Passava das cinco da manhã quando a central acionou a ambulância para atender um atropelamento. Possível QRT – óbito. Durante o deslocamento, o guicho, que chegara no local, informa “respirando com dificuldade, mas respirando.”
Chegando lá, a vítima, com uniforme da empresa e marmita debaixo do braço, jazia de bruços, com uma respiração ruidosa, porém irresponsivo. Viramos ele, imobilizamos e levamos para dentro da ambulância.
Braço e perna direitos apresentam fraturas evidentes. As pupilas estão contraídas e não reagem à luz. Não responde a quaisquer estímulos. A saturação de oxigênio cai.
Começo a ventilar enquanto a enfermeira pega uma veia. Precisa ser entubado para garantir que chegue ar nos seus pulmões.

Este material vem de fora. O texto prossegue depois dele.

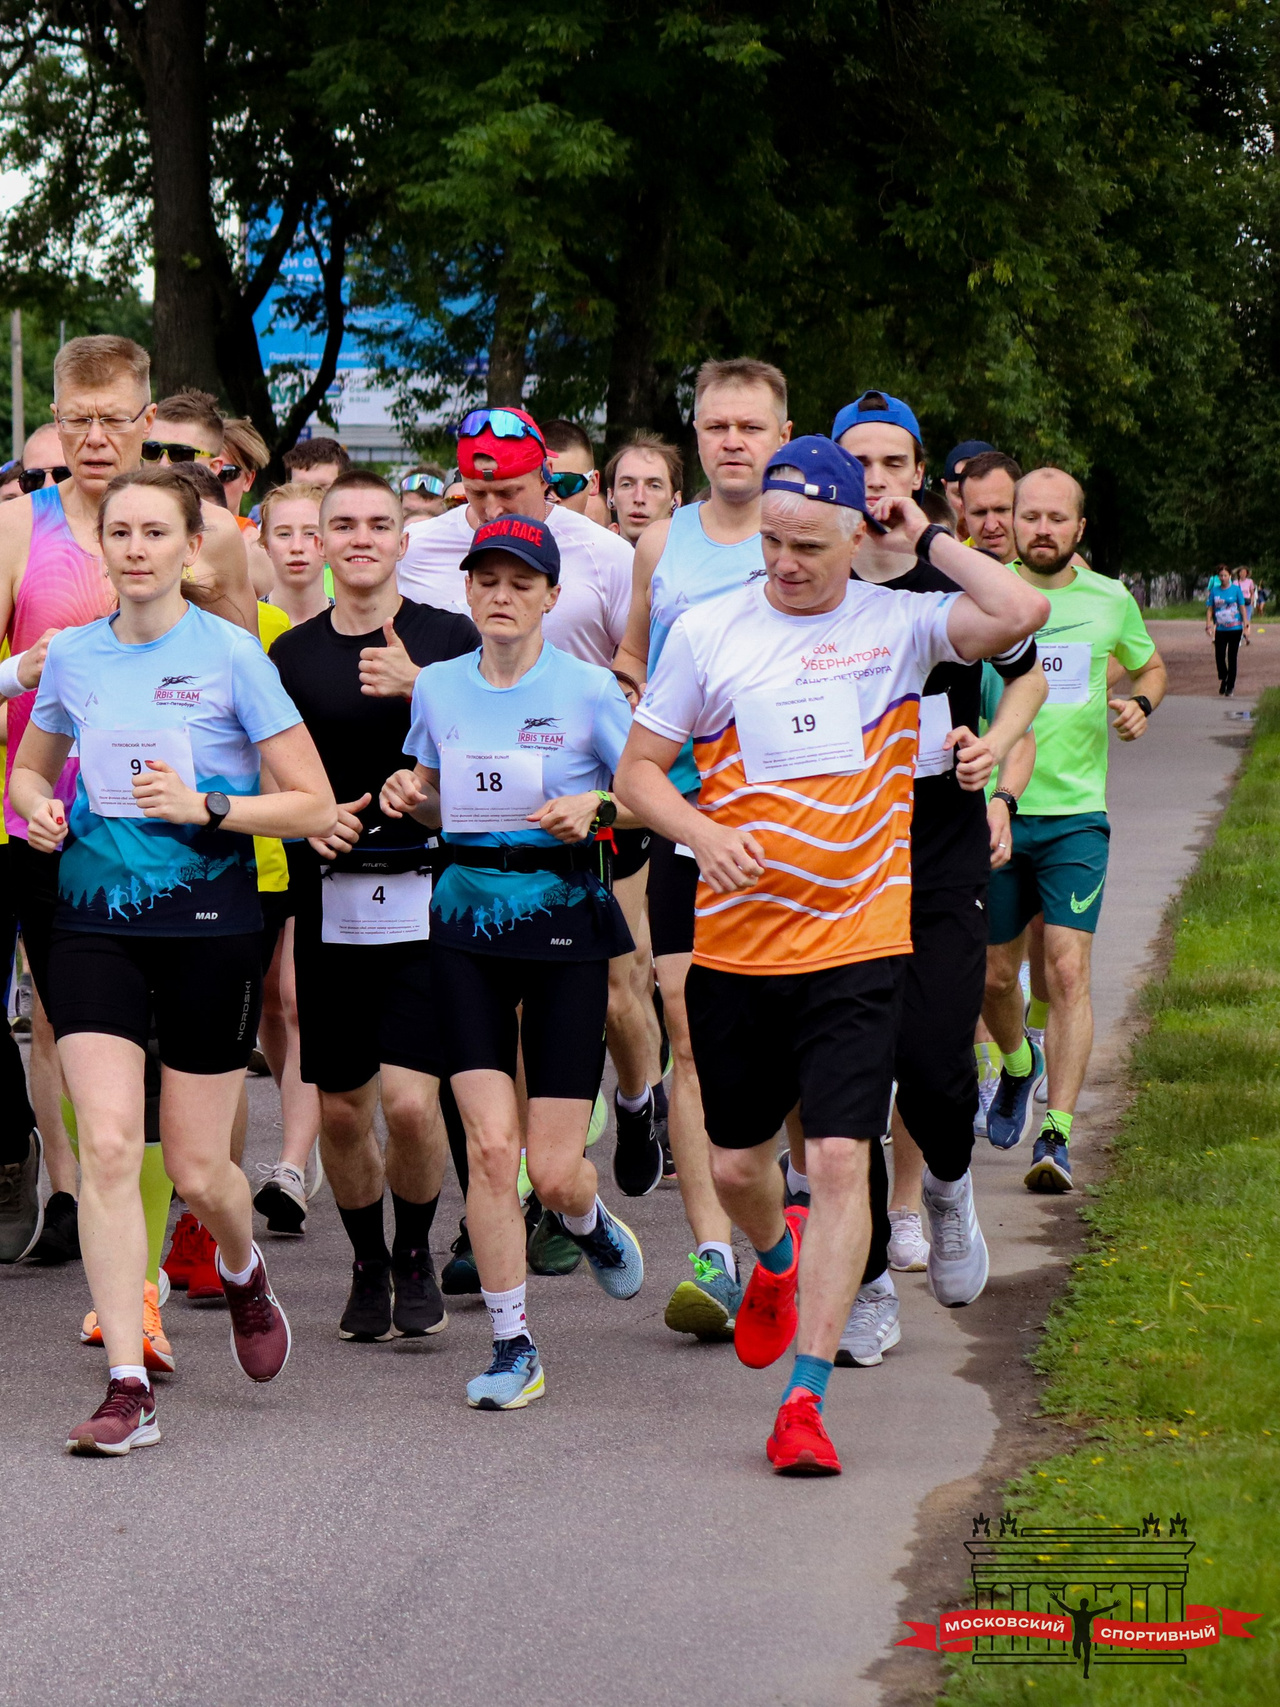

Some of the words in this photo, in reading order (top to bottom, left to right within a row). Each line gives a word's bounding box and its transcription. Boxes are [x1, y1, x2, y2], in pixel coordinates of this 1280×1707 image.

[510, 520, 544, 548] RACE
[1041, 657, 1063, 672] 60
[154, 690, 174, 700] IRBIS
[176, 691, 200, 702] TEAM
[791, 714, 816, 734] 19
[518, 732, 538, 742] IRBIS
[540, 734, 564, 745] TEAM
[130, 759, 142, 776] 9
[476, 772, 503, 792] 18
[372, 886, 386, 905] 4
[195, 912, 218, 920] MAD
[550, 937, 573, 946] MAD
[237, 981, 252, 1041] NORDSKI

É a terceira vez que preciso entubar dentro da ambulância. Das outras duas vezes, por motivos diversos, não consegui. O motorista prepara o material enquanto eu ventilo o paciente. A oxigenação não melhora.
A enfermeira consegue o acesso venoso. Faz medicações que relaxam a musculatura do paciente. Isso faz com que não consiga mais respirar sozinho, antes, mesmo que de maneira pouco eficiente, ele respirava sozinho. Agora depende de mim. Passo o tubo. Tenho quase certeza que está no lugar certo. Quando ventilo, a barriga também levanta. Será que errei? Ausculto. Parece estar no lugar certo. Peço para a enfermeira confirmar. A saturação começa a subir. Sim, esta no lugar certo.

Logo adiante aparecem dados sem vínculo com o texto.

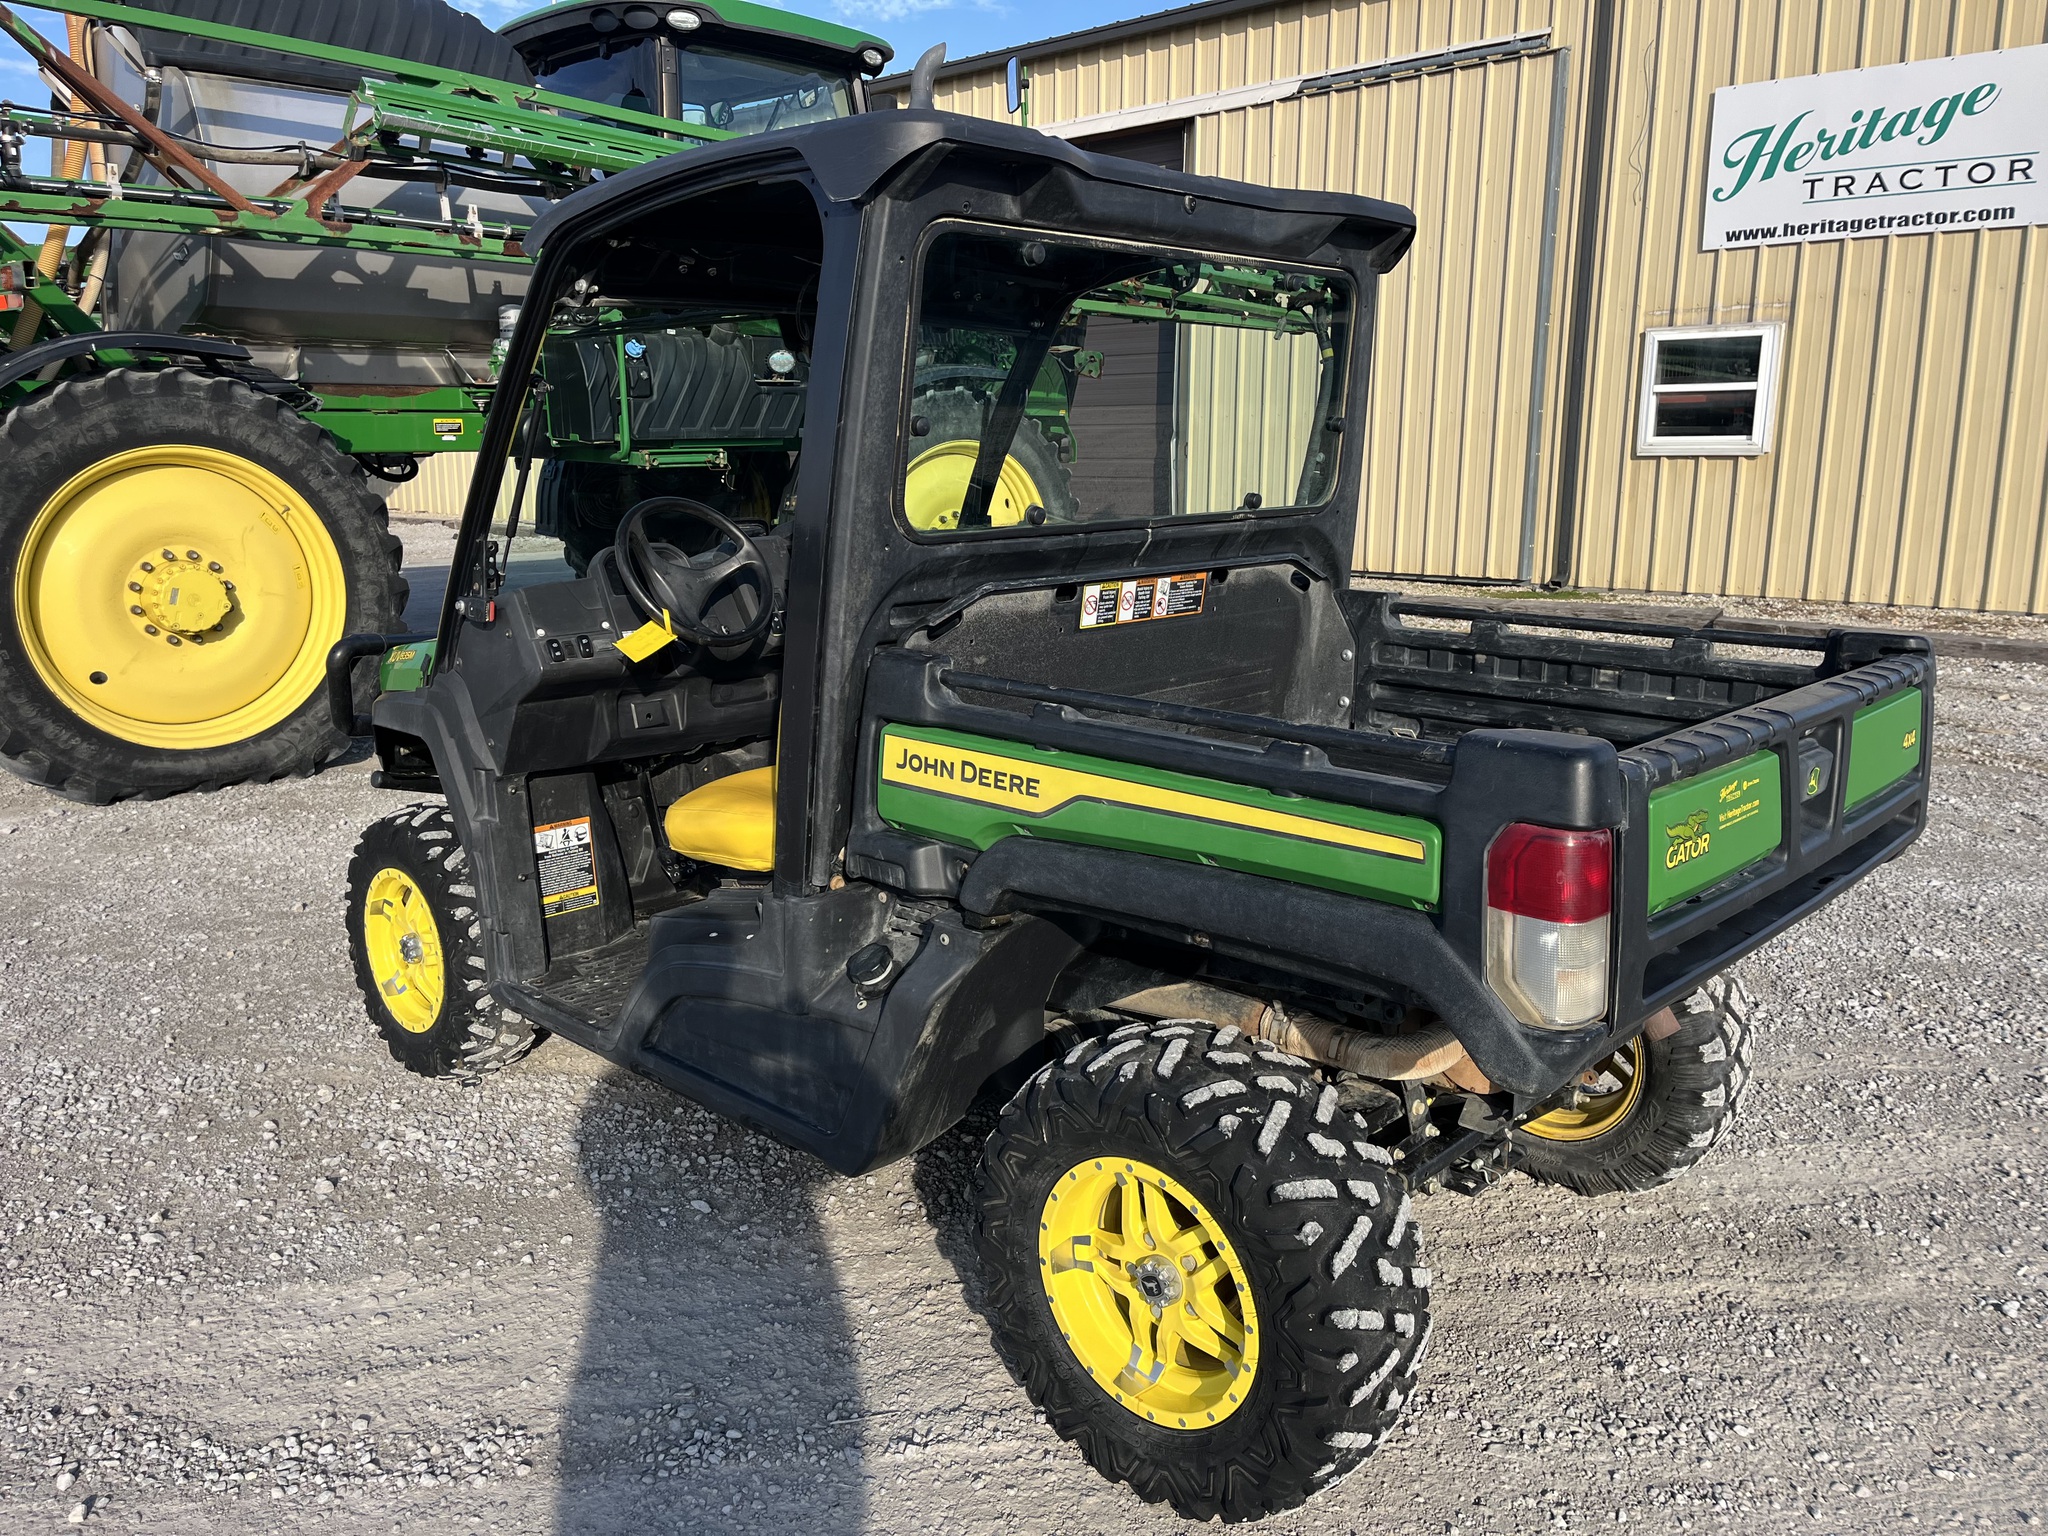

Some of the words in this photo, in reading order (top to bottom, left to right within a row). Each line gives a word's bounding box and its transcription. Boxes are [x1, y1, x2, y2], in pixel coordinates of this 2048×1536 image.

[1712, 82, 2002, 202] Heritage
[1802, 158, 2034, 200] TRACTOR
[1726, 206, 2016, 243] www.heritagetractor.com
[896, 748, 954, 780] JOHN
[960, 760, 1040, 798] DEERE
[1666, 833, 1710, 869] GATOR

Vamos para o hospital. Enquanto eu ventilo a enfermeira termina de remover as roupas da vítima e procurar outras lesões. Ligo para o hospital informar que estamos levando um paciente grave.
Apesar das lesões e da gravidade, entrego o paciente estável no hospital.
Voltamos para a base, quase hora da troca de turno. Enquanto limpamos a ambulância alguém pergunta se havíamos carneado algum bicho na viatura. Há sangue, compressas, embalagens e outros materiais espalhados por tudo.
Fico feliz que tudo tenha dado certo. Precisava fazer tudo direito para me reafirmar. Sim, eu consigo entubar na ambulância. Ter certeza de que fiz tudo o que precisava ser feito, e que fiz certo.
Algumas horas depois fico sabendo que ele não resistiu. Mais um óbito.
Estive pensando, acho que escrevo aqui principalmente para mim, para que eu não esqueça, mas acho que também é uma maneira de tentar demonstrar respeito àqueles que atendi. Manter vivos alguns dos últimos momentos da história dessas pessoas. Sei lá.